Practice Reading for Informational Texts Test 2
- Due No due date
- Points 15
- Questions 12
- Time Limit 25 Minutes
Instructions
Excerpt from Endurance: Shackleton’s Incredible Voyage
by Alfred Lansing
British explorer Ernest Shackleton and his crew were forced to abandon the ship Endurance as its hull was slowly crushed between Antarctic ice floes, doomed to sink. Shackleton and his entire crew of twenty-seven spent over a year trapped on the Antarctic pack ice and lived to tell their story. The following excerpt describes the men’s initial plight and the events leading up to the expedition.

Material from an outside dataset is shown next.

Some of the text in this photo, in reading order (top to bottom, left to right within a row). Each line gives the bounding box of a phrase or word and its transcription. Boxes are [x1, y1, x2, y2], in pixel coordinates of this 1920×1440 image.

1 Few men have borne the responsibility Shackleton did at that moment. Though he certainly was aware that their situation was desperate, he could not possibly have imagined then the physical and emotional demands that ultimately would be placed upon them, the rigors they would have to endure, the sufferings to which they would be subjected.

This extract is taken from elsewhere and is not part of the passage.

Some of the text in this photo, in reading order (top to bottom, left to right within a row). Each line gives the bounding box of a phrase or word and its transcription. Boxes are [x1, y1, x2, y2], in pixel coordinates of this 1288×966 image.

2 They were for all practical purposes alone in the frozen Antarctic seas. It had been very nearly a year since they had last been in contact with civilization. Nobody in the outside world knew they were in trouble, much less where they were. They had no radio transmitter with which to notify any would-be rescuers, and it is doubtful that any rescuers could have reached them even if they had been able to broadcast an SOS. It was 1915, and there were no helicopters . . . no suitable planes.
3 Thus their plight was naked and terrifying in its simplicity. If they were to get out—they had to get themselves out.

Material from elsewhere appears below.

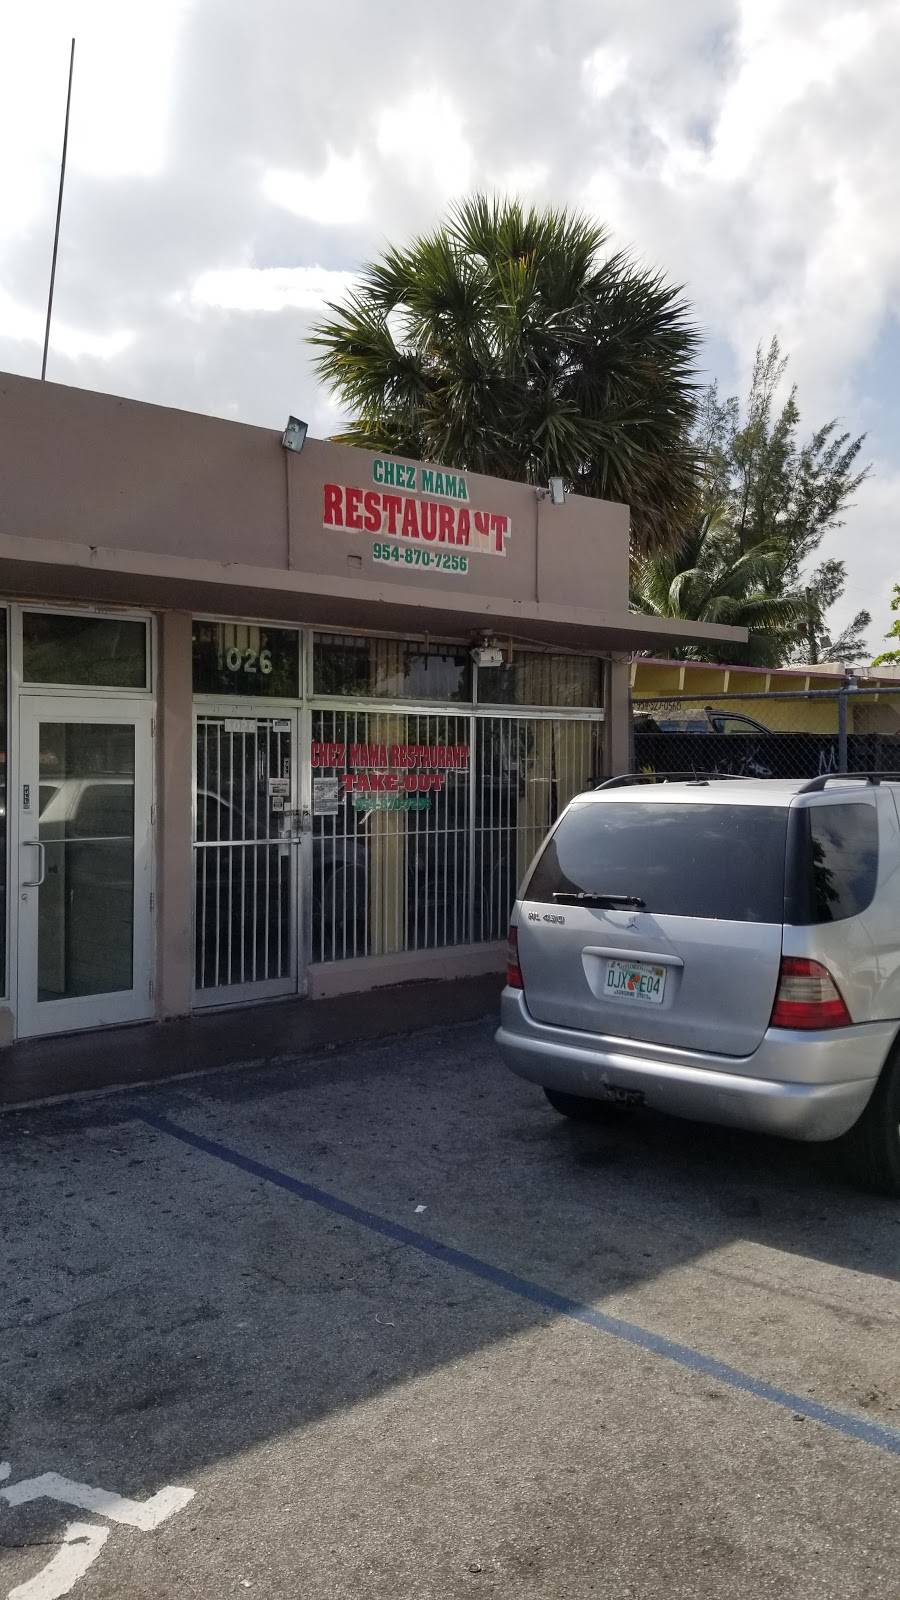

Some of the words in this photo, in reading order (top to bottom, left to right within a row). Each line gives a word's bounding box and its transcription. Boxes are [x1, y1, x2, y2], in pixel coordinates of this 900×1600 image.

4 Shackleton estimated the shelf ice off the Palmer Peninsula— the nearest known land—to be 182 miles WSW of them. But the land itself was 210 miles away, was inhabited by neither human beings nor animals, and offered nothing in the way of relief or rescue.
5 The nearest known place where they might at least find food and shelter was tiny Paulet Island, less than a mile and a half in diameter, which lay 346 miles northwest across the heaving pack ice. There, in 1903, twelve years before, the crew of a Swedish ship had spent the winter after their vessel, the Antarctic, had been crushed by Weddell Sea ice. The ship which finally rescued that party deposited its stock of stores on Paulet Island for the use of any later castaways. Ironically, it was Shackleton himself who had been commissioned at the time to purchase those stores—and now, a dozen years later, it was he who needed them.
6 Shackleton’s order to abandon ship, while it signaled the beginning of the greatest of all Antarctic adventures, also sealed the fate of one of the most ambitious of all Antarctic expeditions. The goal of the Imperial Trans-Antarctic Expedition, as its name implies, was to cross the Antarctic continent overland from west to east.
7 Evidence of the scope of such an undertaking is the fact that after Shackleton’s failure, the crossing of the continent remained untried for fully forty-three years—until 1957–1958. Then, as an independent enterprise conducted during the International Geophysical Year, Dr. Vivian E. Fuchs led the Commonwealth TransAntarctic Expedition on the trek. And even Fuchs, though his party was equipped with heated, tracked vehicles and powerful radios, and guided by reconnaissance planes and dog teams, was strongly urged to give up. It was only after a tortuous journey lasting nearly four months that Fuchs did in fact achieve what Shackleton set out to do in 1915.
8 This was Shackleton’s third expedition to the Antarctic. He had gone first in 1901 as a member of the National Antarctic Expedition led by Robert F. Scott, the famed British explorer, which drove to 82 degrees 15’ south latitude, 745 miles from the Pole—the deepest penetration of the continent at that time.
9 Then in 1907, Shackleton led the first expedition actually to declare the Pole as its goal. With three companions, Shackleton struggled to within 97 miles of their destination and then had to turn back because of a shortage of food. The return journey was a desperate race with death. But the party finally made it, and Shackleton returned to England a hero of the Empire. He was lionized wherever he went, knighted by his king, and decorated by every major country in the world.
10 He wrote a book, and he went on a lecture tour which took him all over the British Isles, the United States, Canada, and much of Europe. But even before it was over, his thoughts had returned to the Antarctic.
11 He had been within 97 miles of the Pole, and he knew better than anyone that it was only a matter of time until some expedition attained the goal that had been denied him. As early as March of 1911, he wrote to his wife, Emily, from Berlin where he was on tour: “I feel that another expedition unless it crosses the continent is not much.”